Spatial utilization of wildlife is a function of the distribution of their population, their range of activity within that distribution, response to habitat changes, and other factors (Zhang et al. 2019; Bai 2017; Lukarevskiy et al. 2019). Previous research has found that the spatial ranges of livestock and snow leopards often overlap significantly, leading to high risks of snow leopard–livestock conflicts (Shi et al. 2019). Unfortunately, most current studies on the spatial distribution of snow leopards are only predictions of their distribution in a certain region based on data from another (Ghoshal et al. 2019; Thinley et al. 2014; Jackson 2002). Few studies have considered the effects of livestock grazing on distributions of snow leopards in China. Research on the habitat selection of snow leopards has mainly focused on the comparison of single habitat features between the regions where snow leopards appear and do not appear, and multiple habitat variables have not been comprehensively considered (Xu et al. 2006; Qiao et al. 2017; Sandeep et al. 2006). Additionally, previous studies on habitat selection of snow leopards have mainly focused on topographic variables (elevation, slope, etc.), ignoring detailed vegetation variables (shrub height, number of shrubs, herb coverage, etc.) that can be very important in determining wildlife habitat selection (Tang et al. 2017; Bai et al. 2020).
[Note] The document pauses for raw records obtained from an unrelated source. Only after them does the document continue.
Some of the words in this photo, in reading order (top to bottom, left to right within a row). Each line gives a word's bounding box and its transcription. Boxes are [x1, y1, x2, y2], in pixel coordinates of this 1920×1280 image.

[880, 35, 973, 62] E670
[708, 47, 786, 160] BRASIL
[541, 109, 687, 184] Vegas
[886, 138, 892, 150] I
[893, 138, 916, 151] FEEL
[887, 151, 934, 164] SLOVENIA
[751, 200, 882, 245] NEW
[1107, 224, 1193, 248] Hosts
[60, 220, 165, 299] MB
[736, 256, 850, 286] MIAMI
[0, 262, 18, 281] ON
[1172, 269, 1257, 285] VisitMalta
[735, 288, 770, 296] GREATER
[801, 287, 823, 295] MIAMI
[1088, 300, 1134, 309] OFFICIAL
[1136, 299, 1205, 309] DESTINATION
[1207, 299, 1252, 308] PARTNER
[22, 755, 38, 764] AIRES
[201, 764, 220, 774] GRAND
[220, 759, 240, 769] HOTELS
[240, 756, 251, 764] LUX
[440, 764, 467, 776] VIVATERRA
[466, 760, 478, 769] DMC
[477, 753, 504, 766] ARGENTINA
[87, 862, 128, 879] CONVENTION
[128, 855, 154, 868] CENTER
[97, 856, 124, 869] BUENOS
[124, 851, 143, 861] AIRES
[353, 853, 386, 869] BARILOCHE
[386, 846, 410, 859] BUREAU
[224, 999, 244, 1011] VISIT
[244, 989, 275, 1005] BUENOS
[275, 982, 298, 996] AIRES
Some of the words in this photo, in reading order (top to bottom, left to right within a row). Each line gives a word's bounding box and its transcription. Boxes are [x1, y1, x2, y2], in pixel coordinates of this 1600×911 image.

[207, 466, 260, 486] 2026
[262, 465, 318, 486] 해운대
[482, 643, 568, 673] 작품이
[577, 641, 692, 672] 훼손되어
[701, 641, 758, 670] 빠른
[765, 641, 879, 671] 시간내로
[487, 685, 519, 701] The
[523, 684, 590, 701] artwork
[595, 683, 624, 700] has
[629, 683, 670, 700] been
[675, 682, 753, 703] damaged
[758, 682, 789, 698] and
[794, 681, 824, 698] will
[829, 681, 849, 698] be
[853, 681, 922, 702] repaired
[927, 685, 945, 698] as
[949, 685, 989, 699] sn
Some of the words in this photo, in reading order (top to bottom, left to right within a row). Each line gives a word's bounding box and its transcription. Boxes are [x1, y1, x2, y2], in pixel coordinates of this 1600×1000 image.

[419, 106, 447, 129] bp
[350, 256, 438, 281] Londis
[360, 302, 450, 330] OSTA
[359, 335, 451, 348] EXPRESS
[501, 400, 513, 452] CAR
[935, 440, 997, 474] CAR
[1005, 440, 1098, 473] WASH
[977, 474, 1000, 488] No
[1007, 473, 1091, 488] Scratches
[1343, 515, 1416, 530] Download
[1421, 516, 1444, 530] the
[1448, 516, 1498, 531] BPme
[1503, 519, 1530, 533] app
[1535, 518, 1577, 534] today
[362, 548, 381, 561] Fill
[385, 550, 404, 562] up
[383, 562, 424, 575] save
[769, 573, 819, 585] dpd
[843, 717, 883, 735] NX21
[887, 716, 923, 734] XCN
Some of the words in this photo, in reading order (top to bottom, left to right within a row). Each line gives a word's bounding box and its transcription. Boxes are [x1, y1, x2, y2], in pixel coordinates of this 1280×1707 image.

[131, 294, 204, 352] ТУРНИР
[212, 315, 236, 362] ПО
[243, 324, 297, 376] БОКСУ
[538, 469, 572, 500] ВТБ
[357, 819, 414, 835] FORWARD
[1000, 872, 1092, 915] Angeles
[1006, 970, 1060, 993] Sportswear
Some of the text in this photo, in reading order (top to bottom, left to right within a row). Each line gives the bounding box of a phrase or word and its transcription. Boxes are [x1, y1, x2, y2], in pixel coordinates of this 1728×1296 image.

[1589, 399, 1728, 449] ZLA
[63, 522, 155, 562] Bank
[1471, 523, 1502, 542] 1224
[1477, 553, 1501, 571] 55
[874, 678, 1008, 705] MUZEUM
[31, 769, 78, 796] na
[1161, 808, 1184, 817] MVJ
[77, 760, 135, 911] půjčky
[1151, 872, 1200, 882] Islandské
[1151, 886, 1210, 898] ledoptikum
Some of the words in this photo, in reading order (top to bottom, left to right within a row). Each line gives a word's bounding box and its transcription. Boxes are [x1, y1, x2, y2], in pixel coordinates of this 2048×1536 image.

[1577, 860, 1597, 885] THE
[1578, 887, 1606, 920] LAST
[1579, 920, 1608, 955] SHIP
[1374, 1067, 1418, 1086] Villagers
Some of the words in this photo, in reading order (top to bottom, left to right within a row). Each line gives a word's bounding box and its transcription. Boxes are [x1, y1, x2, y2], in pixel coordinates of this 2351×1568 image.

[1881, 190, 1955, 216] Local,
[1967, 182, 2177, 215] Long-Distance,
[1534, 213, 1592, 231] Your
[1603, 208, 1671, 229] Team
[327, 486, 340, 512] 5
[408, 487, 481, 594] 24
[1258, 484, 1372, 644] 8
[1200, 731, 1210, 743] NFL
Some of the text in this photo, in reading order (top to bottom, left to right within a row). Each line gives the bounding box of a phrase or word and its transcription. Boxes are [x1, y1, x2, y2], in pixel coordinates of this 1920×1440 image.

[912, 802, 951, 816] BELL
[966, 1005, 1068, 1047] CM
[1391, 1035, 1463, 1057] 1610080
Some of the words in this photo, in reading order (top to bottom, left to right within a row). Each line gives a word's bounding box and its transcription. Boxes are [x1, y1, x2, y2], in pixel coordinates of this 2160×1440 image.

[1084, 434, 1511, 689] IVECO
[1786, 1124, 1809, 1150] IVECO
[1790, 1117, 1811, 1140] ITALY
Investigating a wider range of habitat factors will result in a better understanding of the impact of livestock on the space use and microhabitat selection of snow leopards, which will inform appropriate adjustments to the management of livestock and alleviate the conflict between human and leopards. To achieve this, we conducted surveys to record snow leopard sign in low-grazing-disturbance areas (LGDAs) and high-grazing-disturbance areas (HGDAs). We also surveyed sample plots to measure diverse habitat information (including topographic and detailed vegetation variables) to understand the difference in snow leopard microhabitat use under different grazing conditions.

2. Study area

We conducted our study in Wolong Nature Reserve (102°52′–103°24′E, 30°45′–31°25′N), which is located in Sichuan Province in southwestern China (Fig. 1). The reserve covers an area of approximately 2000 km2, with diverse habitat types including forests, meadows, and alpine screes, occurring across elevations ranging from 1190 to 6250 m. The forest types include evergreen broadleaf forest, deciduous and evergreen broadleaved forest, deciduous broadleaved forest, mixed coniferous broadleaved forest, coniferous forest, and alpine shrubland. Common plan species in the reserve include Abies fabri (Mast.) Craib., Betula albosinensis Burk., Rhododendron L., Fargesia robusta Yi, Bashania fangiana (A. Camus) Keng f., and others. The annual average temperature is 8.7°C, and the annual average precipitation is 890 mm. The reserve is rich in animal and plant resources, with about 450 vertebrate species and 1898 higher plant species (Cheng et al. 2015). Rare and threatened species that occur in the park include the snow leopard, giant panda, sambar deer (Rusa Unicolor), golden snub-nosed monkey (Rhinopithecus Roxellana) (Hou et al. 2018; Shi et al. 2017), gong tong (Davidia involucrata Baillon), and shui shan (Metasequoia glyptostroboides Hu and W. C. Cheng) (Zhang et al. 2005). The reserve is part of the Qionglai Mountain range, which is the southeastern edge of the global distribution of snow leopards (Lu et al. 2019). The snow leopard was first detected in Wolong by infrared camera traps in 2009 (Qiao et al. 2017), and thus research into snow leopards there has only begun relatively recently. Currently there is no accurate estimate of the snow leopard population in Wolong Nature Reserve. Many reserves have only one flagship species, which provides protection to other species through its umbrella function, but studies have shown that the umbrella function of flagship species may not provide sufficient protection for other species (S. Li et al. 2020; Wang et al. 2021). Wolong Nature Reserve mainly focuses on the protection of giant pandas with little focus on the protection of snow leopards, leading to a relative lack of research on snow leopards and their alpine ecosystem. For example, research on livestock grazing effects has been concentrated in low-elevation areas within giant panda habitat (Wang et al. 2019), while there has been no research on the effects of livestock grazing on the ecology and conservation of snow leopards in Wolong Nature Reserve.

Fig. 1.
Fig. 1.

Map and location of Wolong Nature Reserve in Sichuan. Livestock and snow leopard locations in LGDAs and HGDAs are also depicted.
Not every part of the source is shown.